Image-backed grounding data
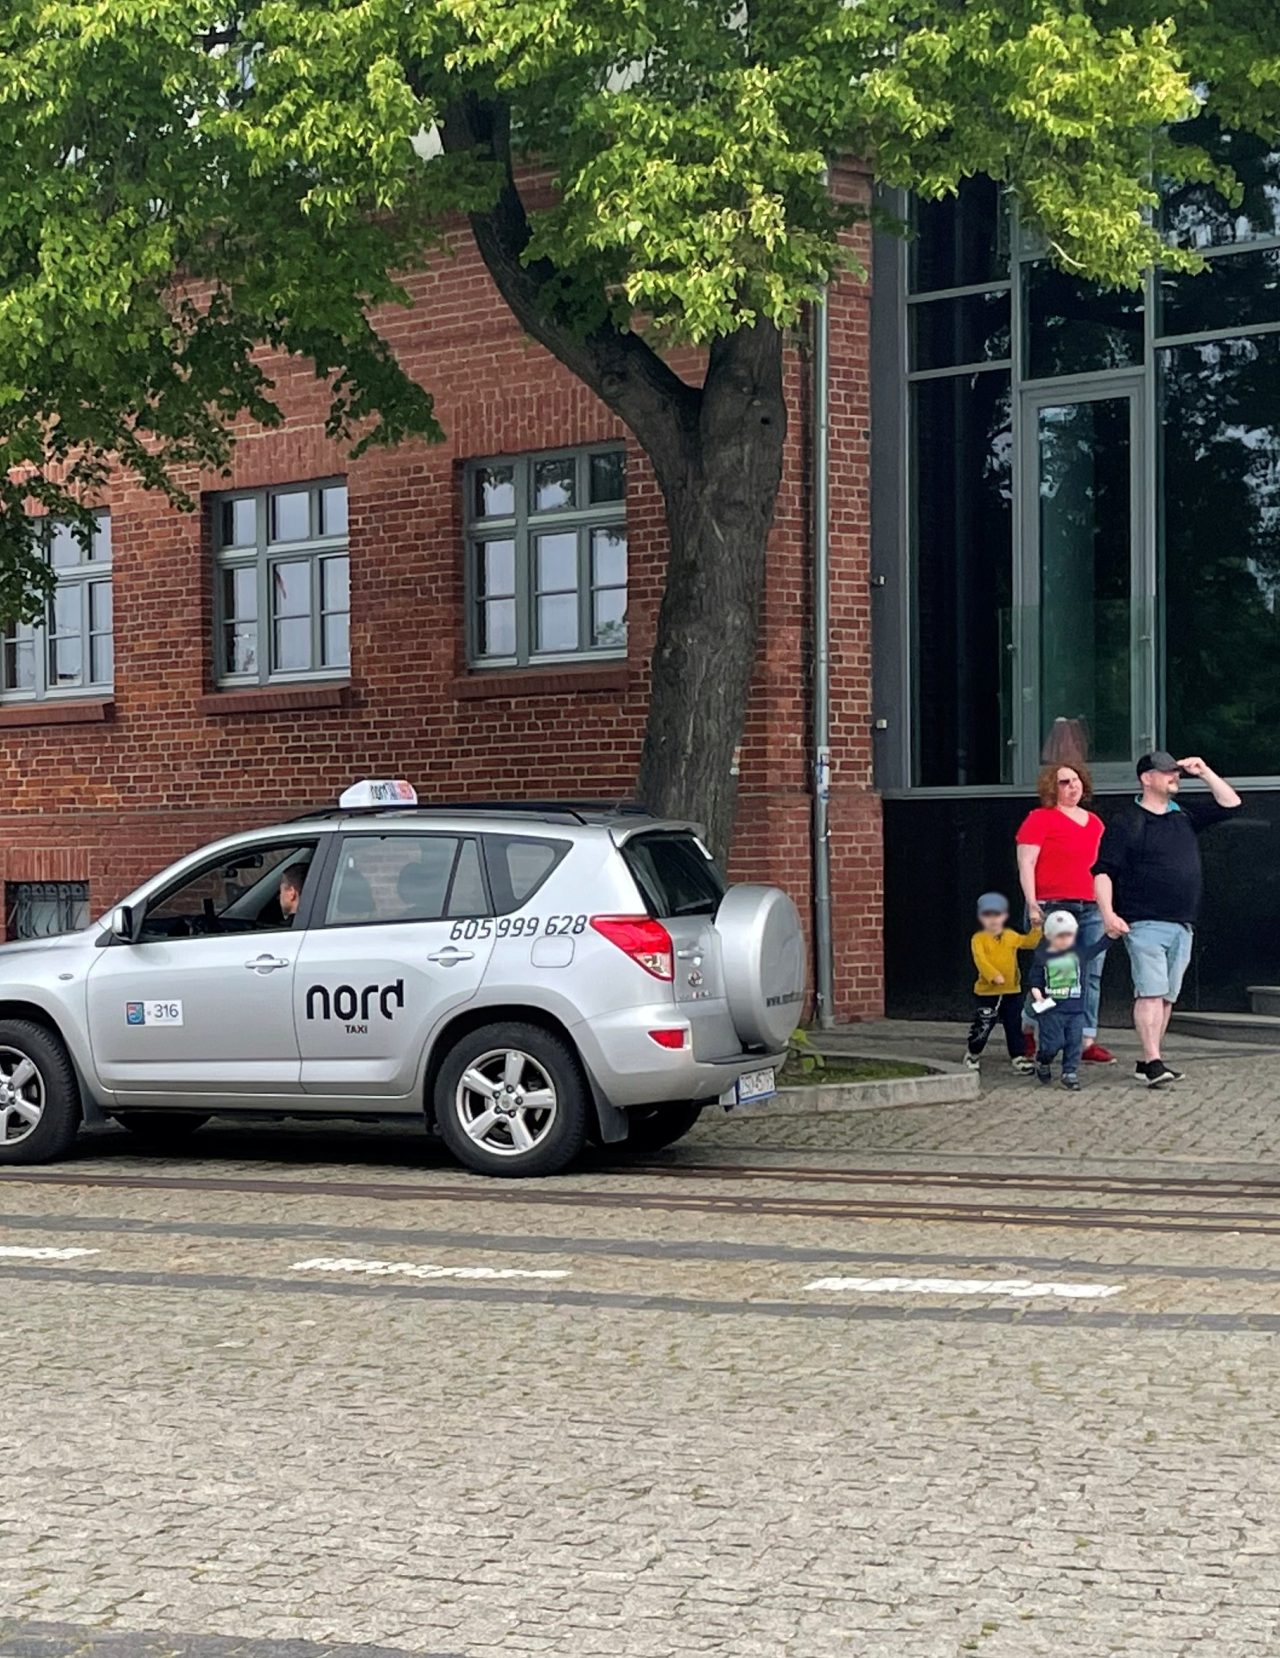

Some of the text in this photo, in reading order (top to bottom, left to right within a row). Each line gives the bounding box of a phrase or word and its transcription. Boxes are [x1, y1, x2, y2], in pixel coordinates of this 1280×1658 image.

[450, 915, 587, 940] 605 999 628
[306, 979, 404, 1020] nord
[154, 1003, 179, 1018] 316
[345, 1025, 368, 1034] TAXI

== Exercise goal ==
Where a record above holds a picture, drop the picture and print the rest exactly.

== Output below ==
Some of the text in this photo, in reading order (top to bottom, left to right within a row). Each line gives the bounding box of a phrase or word and its transcription. Boxes are [x1, y1, x2, y2], in pixel coordinates of this 1280×1658 image.

[450, 915, 587, 940] 605 999 628
[306, 979, 404, 1020] nord
[154, 1003, 179, 1018] 316
[345, 1025, 368, 1034] TAXI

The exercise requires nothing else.